Analisando a caracterização feita por Durkheim (2007) sobre fatos sociais, não há como deixar de reconhecer a natureza coercitiva do problema da desigualdade na oportunidade de aprendizagem. Além da coerção da própria educação, esse problema também tem a mesma natureza, pois a desigualdade na oportunidade de aprendizagem é um poder que se impõe a quem quer que seja. Mesmo em sociedades mais desenvolvidas, não há equivalência na aprendizagem, ela vai variar de acordo com as normas estabelecidas, a educação familiar e entre outros aspectos. Analisando em contexto mundial, a intensidade da coerção costuma ser menor em países mais desenvolvidos e maior em países menos desenvolvidos. Afinal, nos países em desenvolvimento a desigualdade é intensificada por outras adversidades, como a pobreza, por exemplo. 

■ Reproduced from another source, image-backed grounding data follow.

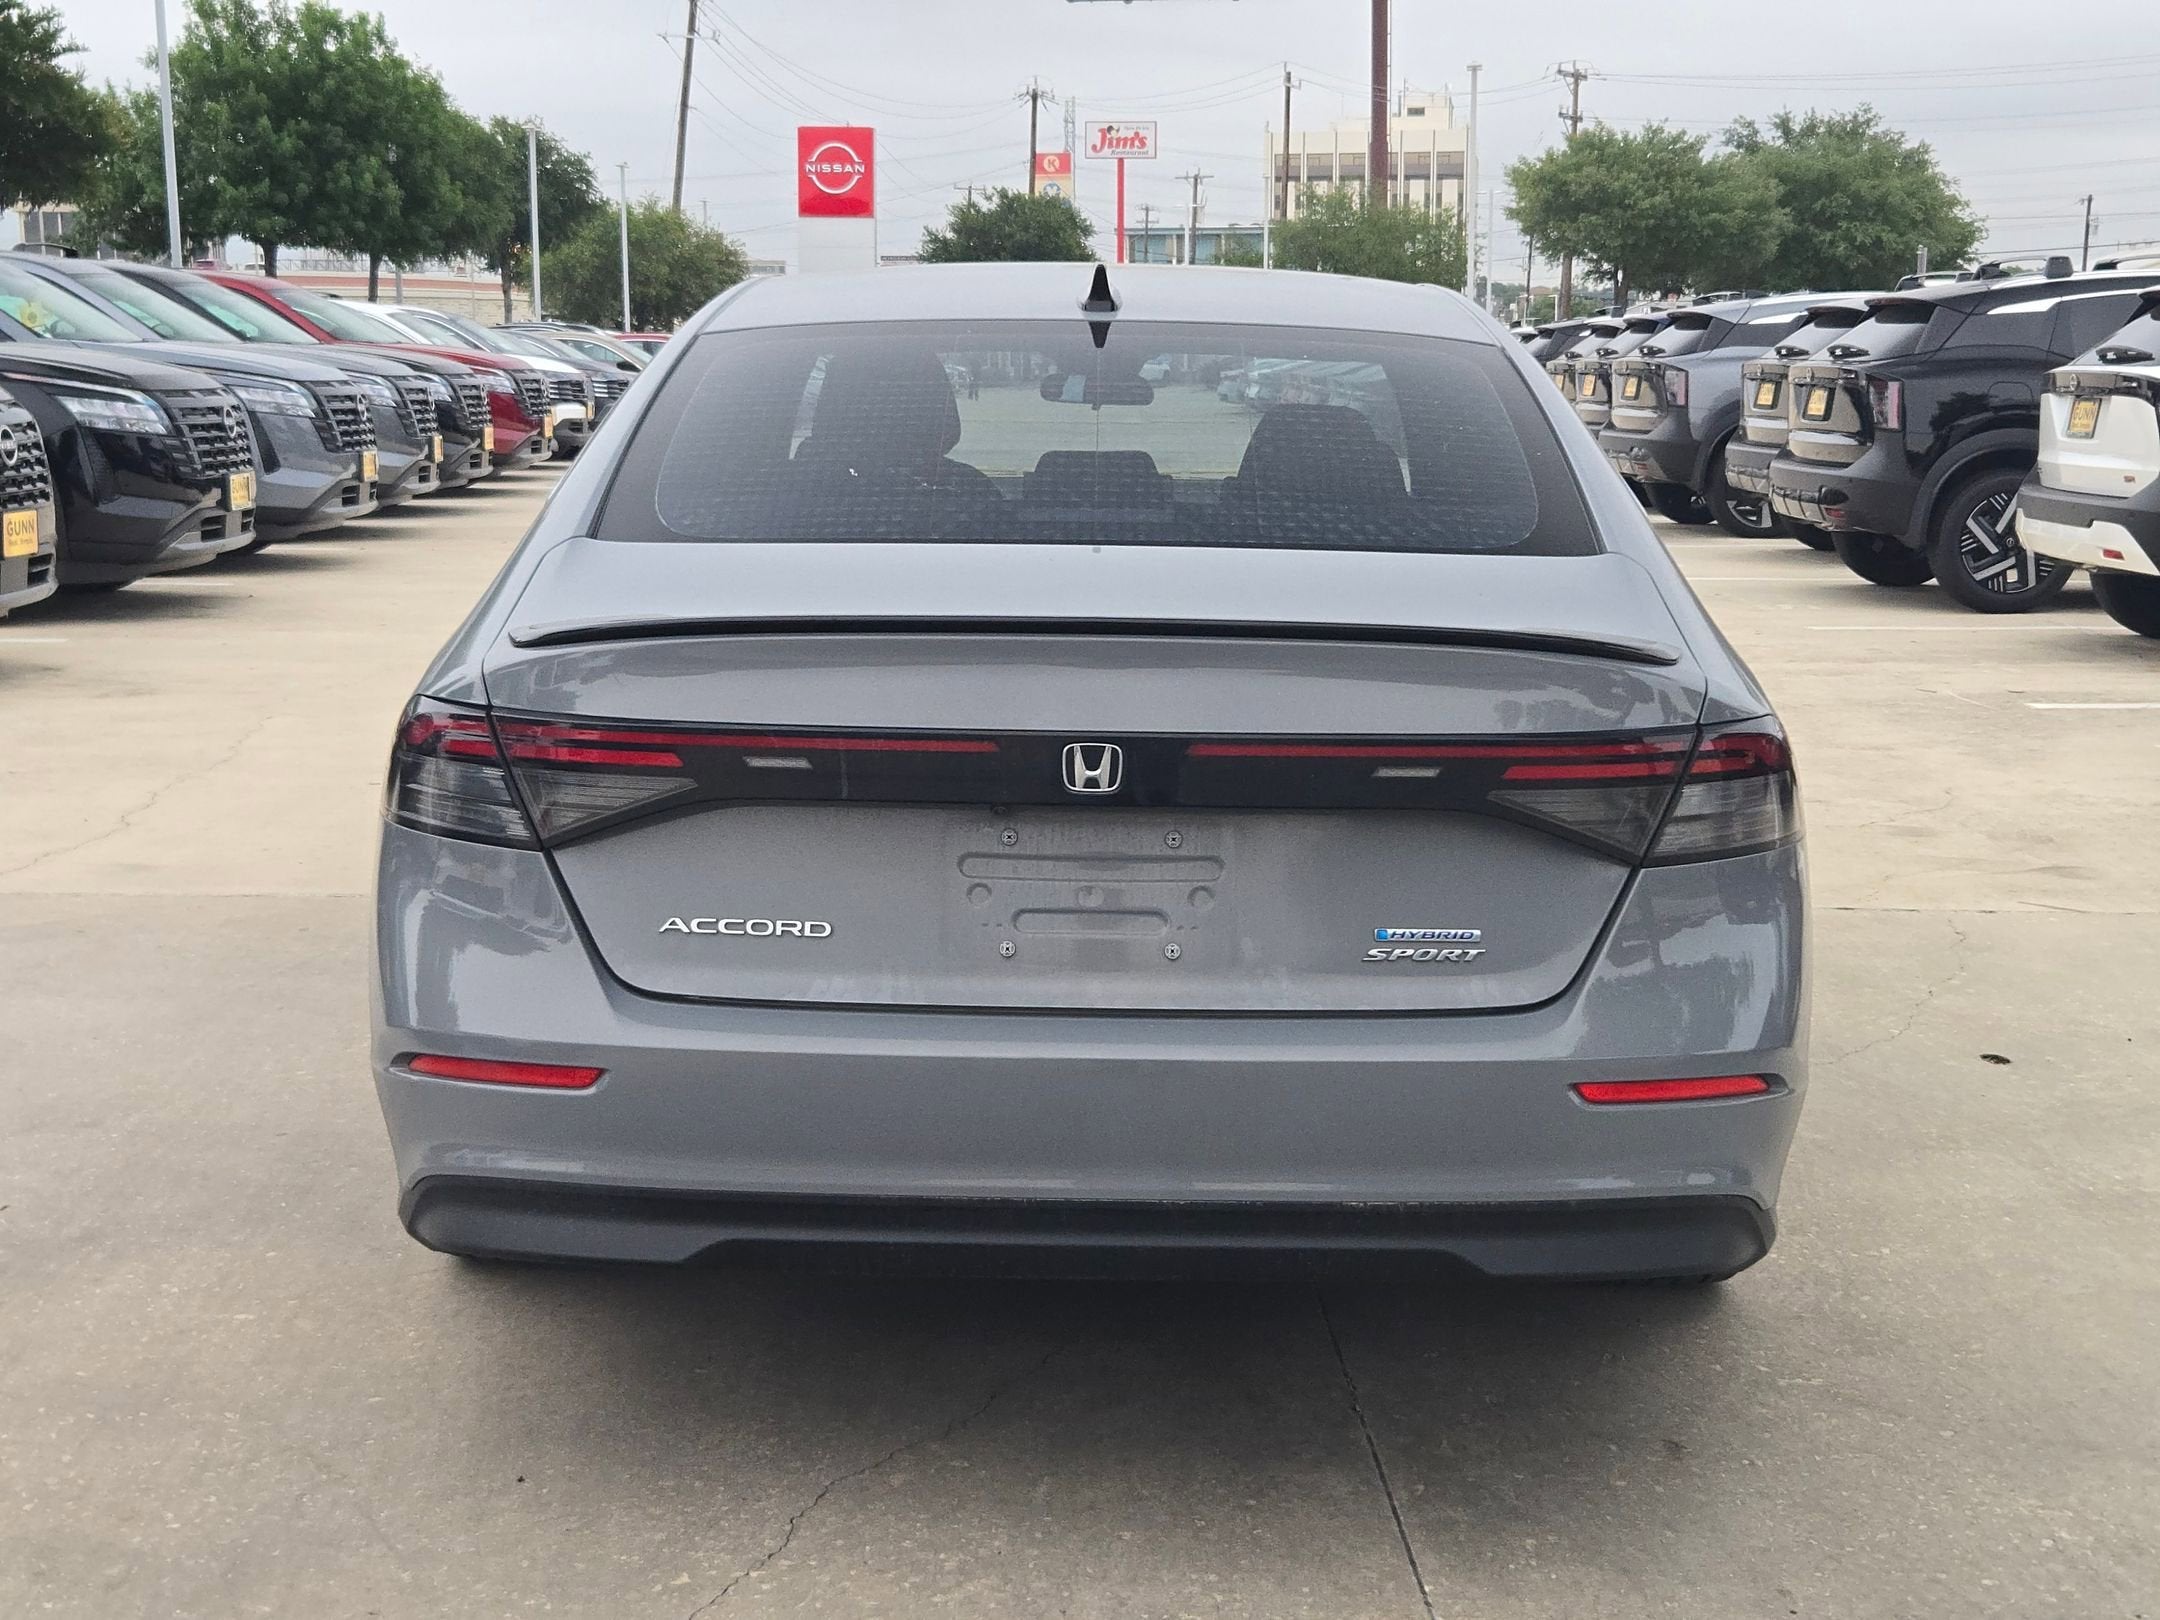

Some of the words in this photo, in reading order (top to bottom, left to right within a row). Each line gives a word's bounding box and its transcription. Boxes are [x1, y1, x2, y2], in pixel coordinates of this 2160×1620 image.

[1091, 127, 1148, 154] Jim's
[805, 164, 865, 173] NISSAN
[6, 519, 35, 537] GUNN
[658, 917, 832, 937] ACCORD
[1391, 930, 1475, 940] HYBRID
[1362, 948, 1486, 961] SPORT

Há também sociedades em que o conjunto de crenças e práticas transmitidas pelas gerações anteriores afeta a desigualdade na oportunidade de aprendizagem. Algumas regiões delimitam o acesso à educação a partir da segregação de gênero, impedindo mulheres de terem acesso à educação. A segunda caracterização definida por Durkheim (2007) é a exterioridade, o autor relata que os fenômenos sociais devem ser manuseados de forma desassociada dos sujeitos conscientes que os concebem, segundo o autor, é preciso estudá-los de fora, como coisas exteriores. 

Não é possível afirmar que a problemática abordada pode ser estudada separada do sujeito, o objeto poderá ser analisado com a máxima imparcialidade na investigação dos fatos, mas o julgamento em questão é a total imparcialidade. Conforme Pedro Demo, “todo cientista, ao fazer ciência, saberá que não faz a ciência, mas oferece apenas um enfoque, um ponto de vista, uma interpretação, já que ele próprio não passa de um cientista”, a demarcação científica mais importante é a discussão crítica (DEMO, 1995). Em relação a sua generalização, o problema da oportunidade de aprendizagem existe fora das consciências individuais, não é algo que pertence ao indivíduo, mas sim, é fruto da sociedade. Como relatado, está presente de forma difundida em diversos países e culturas.
Fonte: George Goodwin Killburne 

CONSIDERAÇÕES FINAIS 

A pandemia de COVID-19 vai deixar um grande impacto no que diz respeito à educação de crianças e jovens com maior vulnerabilidade. Para que a situação seja combatida de forma positiva é preciso investir em políticas públicas, desenvolvendo práticas coletivas voltadas ao enfrentamento do problema. É preciso que os gestores caracterizem melhor a problemática, sempre buscando se atualizar em relação à sociedade. 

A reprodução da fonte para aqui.